Without the images, output each record below as it stands.

■ ■ ■ ■ ■ ■ ■

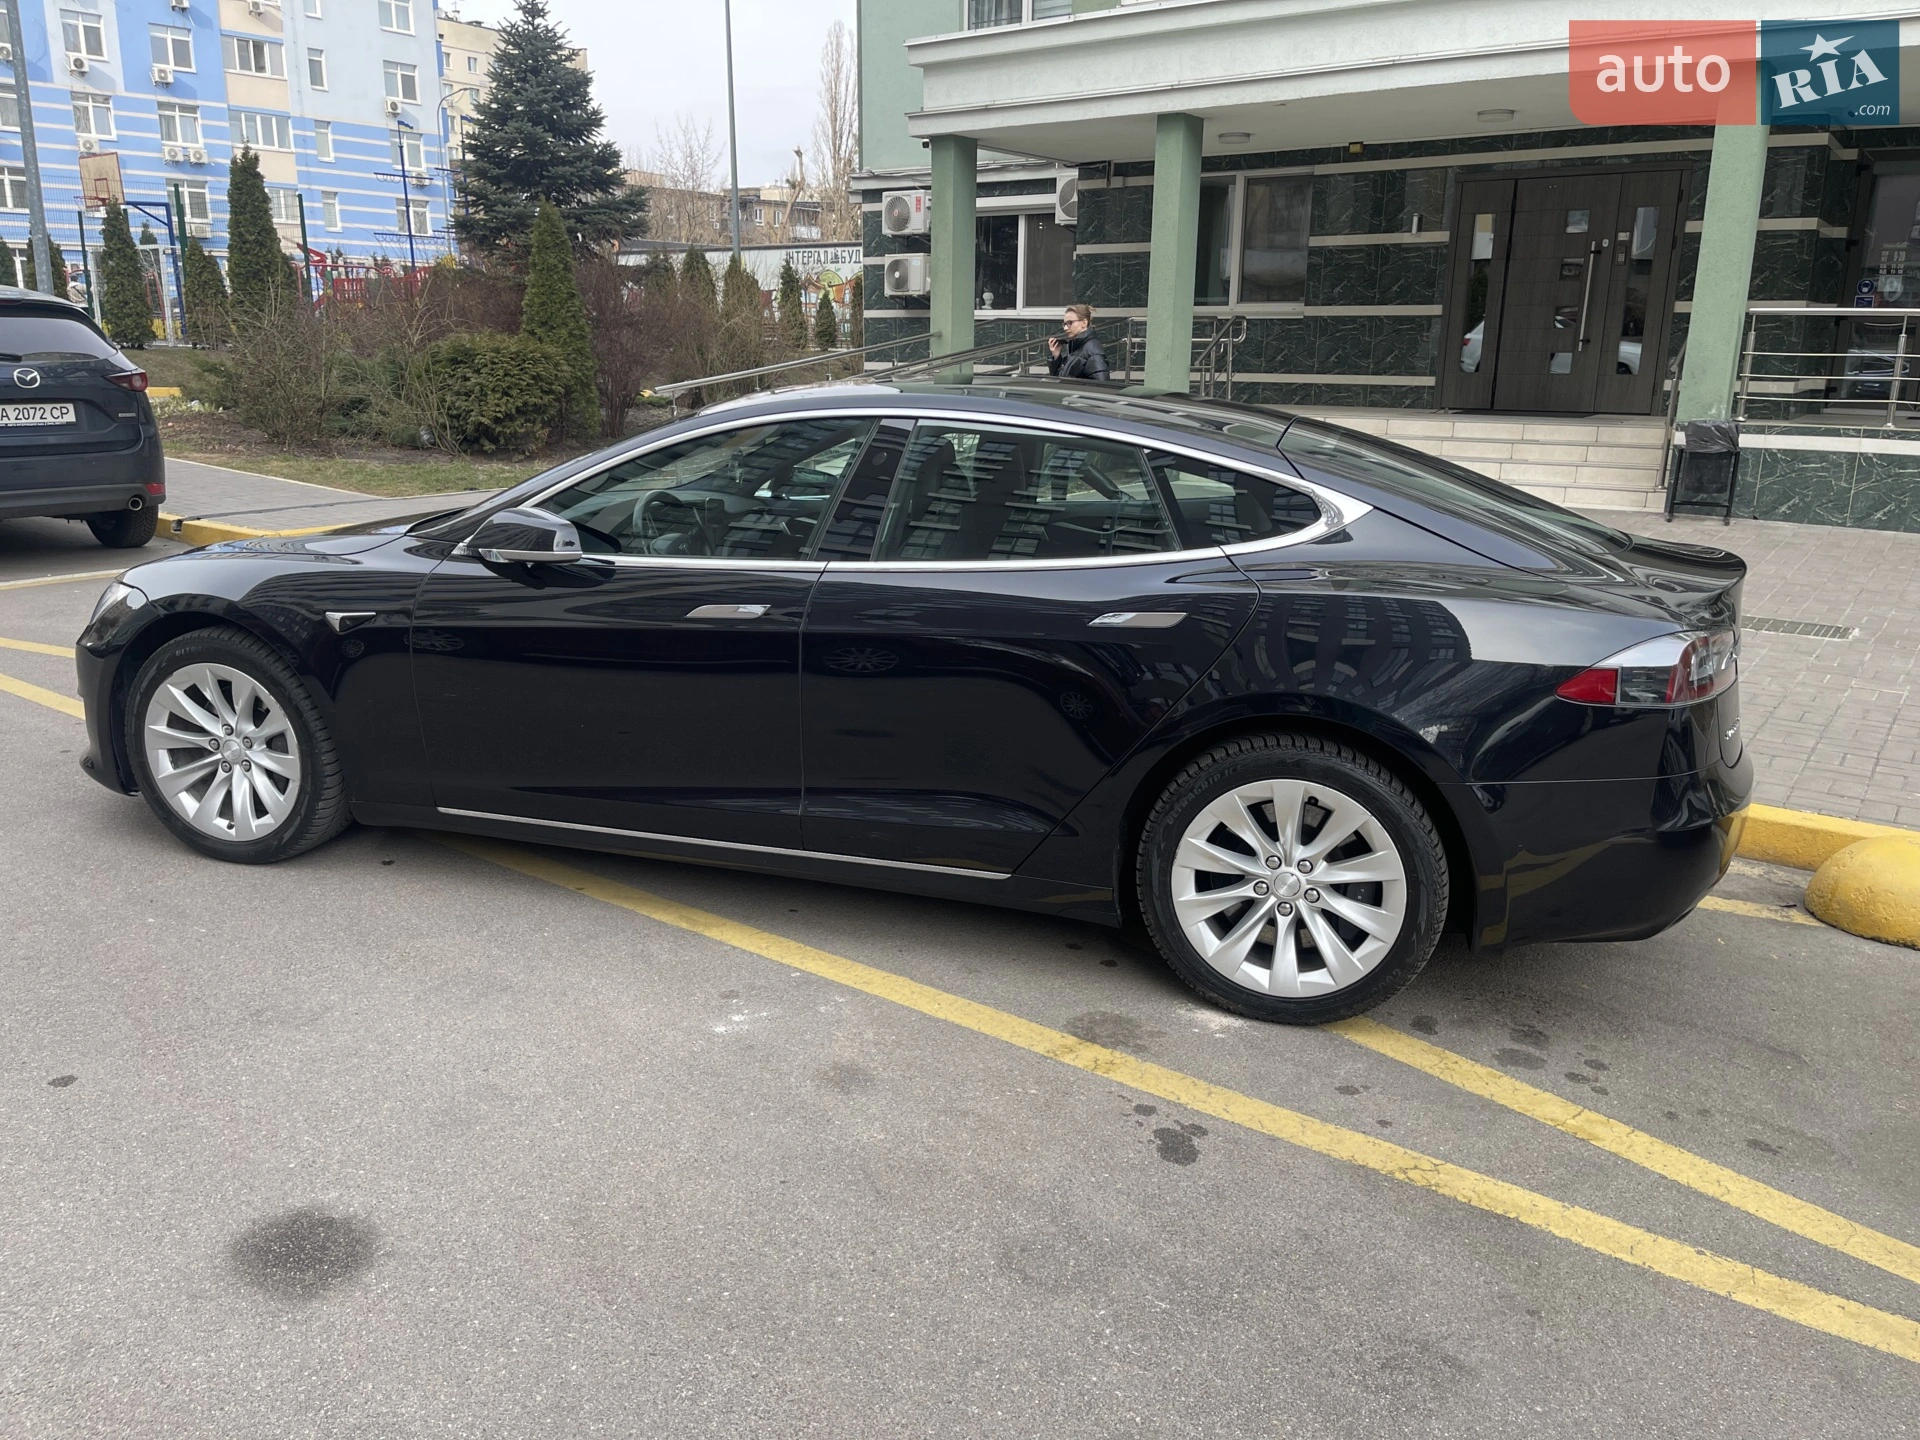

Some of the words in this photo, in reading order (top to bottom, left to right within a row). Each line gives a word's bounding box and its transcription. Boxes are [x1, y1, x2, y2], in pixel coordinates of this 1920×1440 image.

[840, 249, 862, 264] БУД
[13, 407, 48, 421] 2072
[50, 406, 70, 420] CP
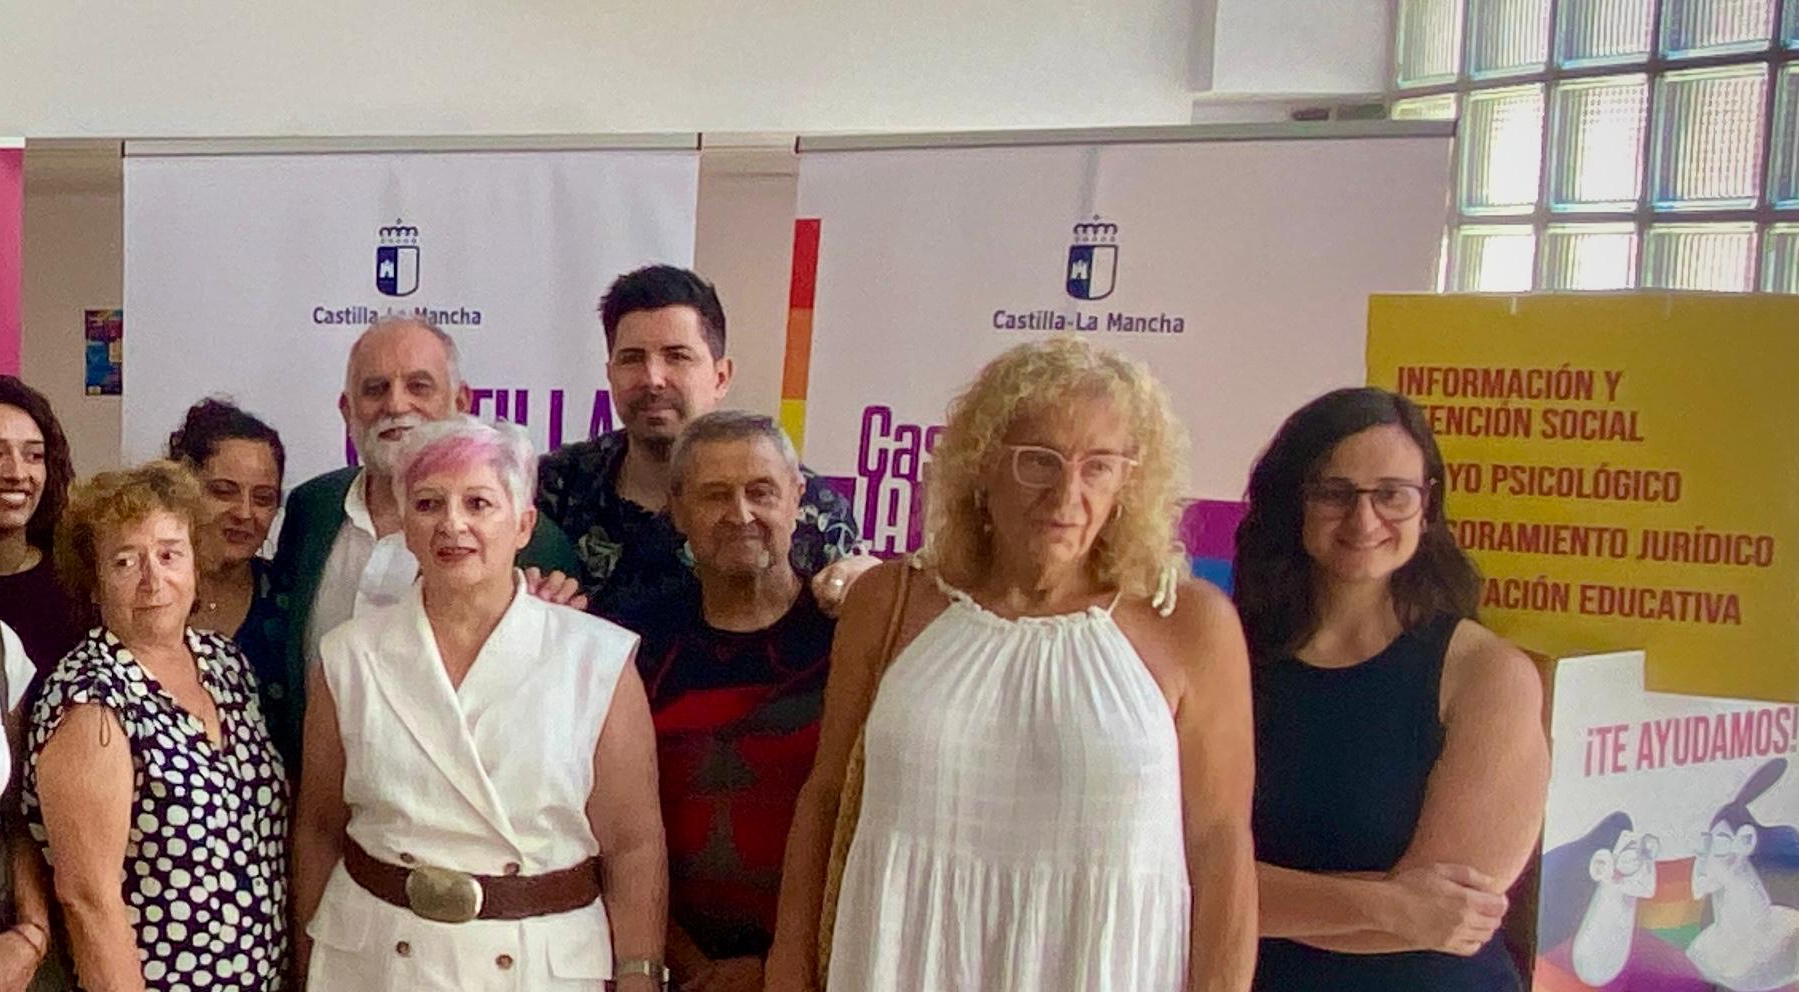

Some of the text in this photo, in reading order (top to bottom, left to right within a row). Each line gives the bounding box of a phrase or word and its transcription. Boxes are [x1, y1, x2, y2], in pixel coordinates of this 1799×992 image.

[993, 310, 1185, 333] Castilla-La Mancha
[1397, 363, 1623, 402] INFORMACIÓN Y
[1419, 402, 1644, 442] ENCIÓN SOCIAL
[1491, 461, 1682, 502] PSICOLÓGICO
[1449, 520, 1776, 567] ORAMIENTO JURÍDICO
[1578, 583, 1741, 625] EDUCATIVA
[1584, 706, 1799, 777] ¡TE AYUDAMOS!
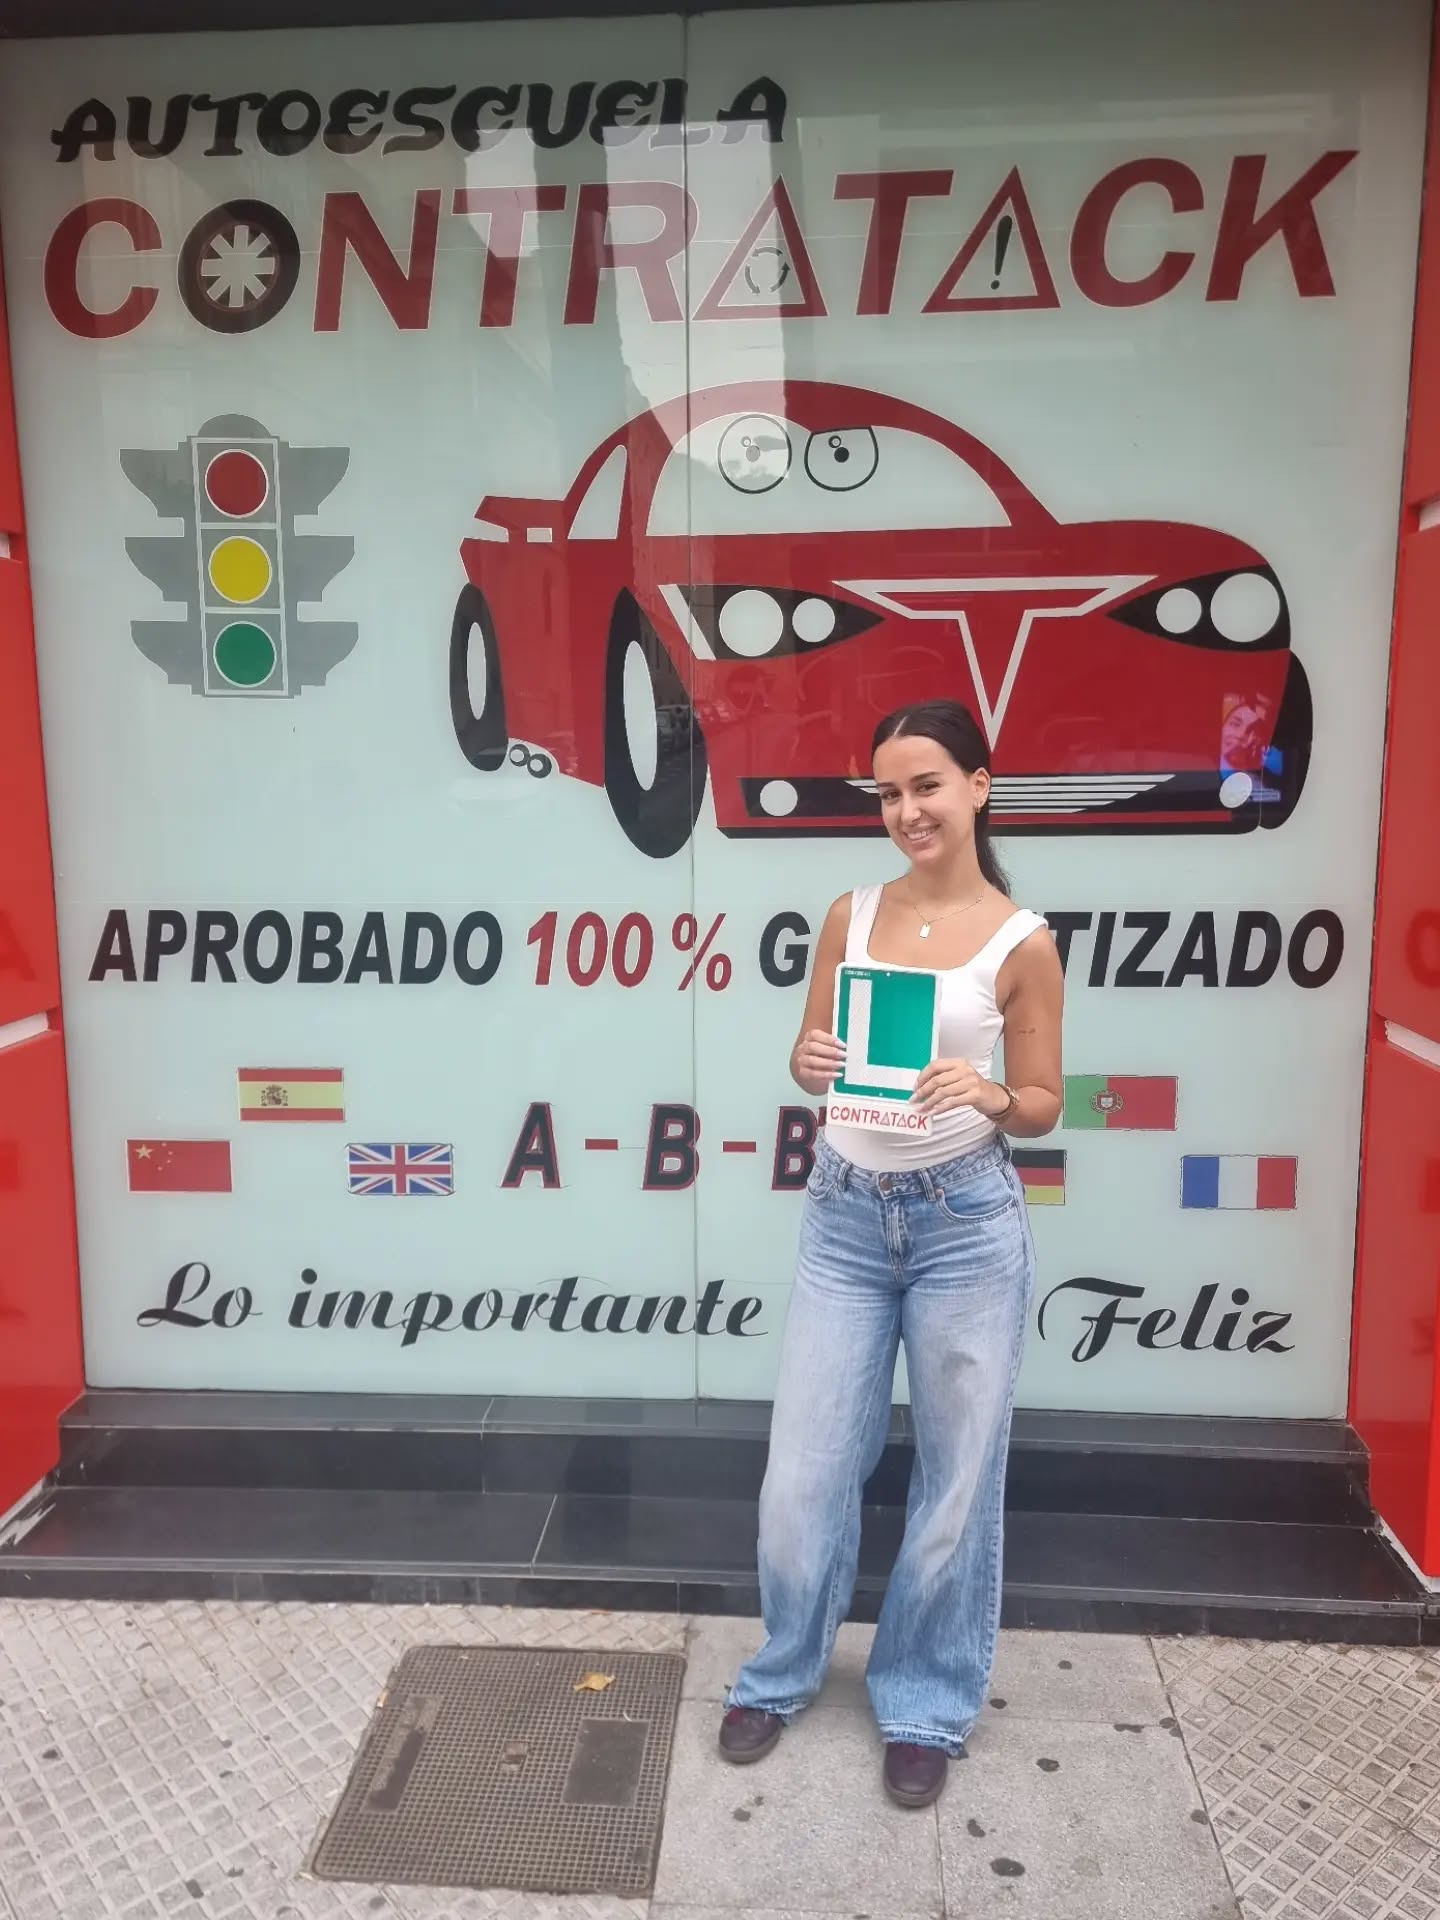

■ ■ ■ ■ ■ ■ ■

| Answer below |
Some of the words in this photo, in reading order (top to bottom, left to right within a row). Each line gives a word's bounding box and its transcription. Boxes are [x1, y1, x2, y2], in pixel coordinates of this 1920×1440 image.

[840, 249, 862, 264] БУД
[13, 407, 48, 421] 2072
[50, 406, 70, 420] CP

Some of the text in this photo, in reading order (top to bottom, left to right within a row). Each line gives the bounding box of a phrase or word and its transcription. Boxes are [x1, y1, x2, y2], in pixel coordinates of this 1799×992 image.

[993, 310, 1185, 333] Castilla-La Mancha
[1397, 363, 1623, 402] INFORMACIÓN Y
[1419, 402, 1644, 442] ENCIÓN SOCIAL
[1491, 461, 1682, 502] PSICOLÓGICO
[1449, 520, 1776, 567] ORAMIENTO JURÍDICO
[1578, 583, 1741, 625] EDUCATIVA
[1584, 706, 1799, 777] ¡TE AYUDAMOS!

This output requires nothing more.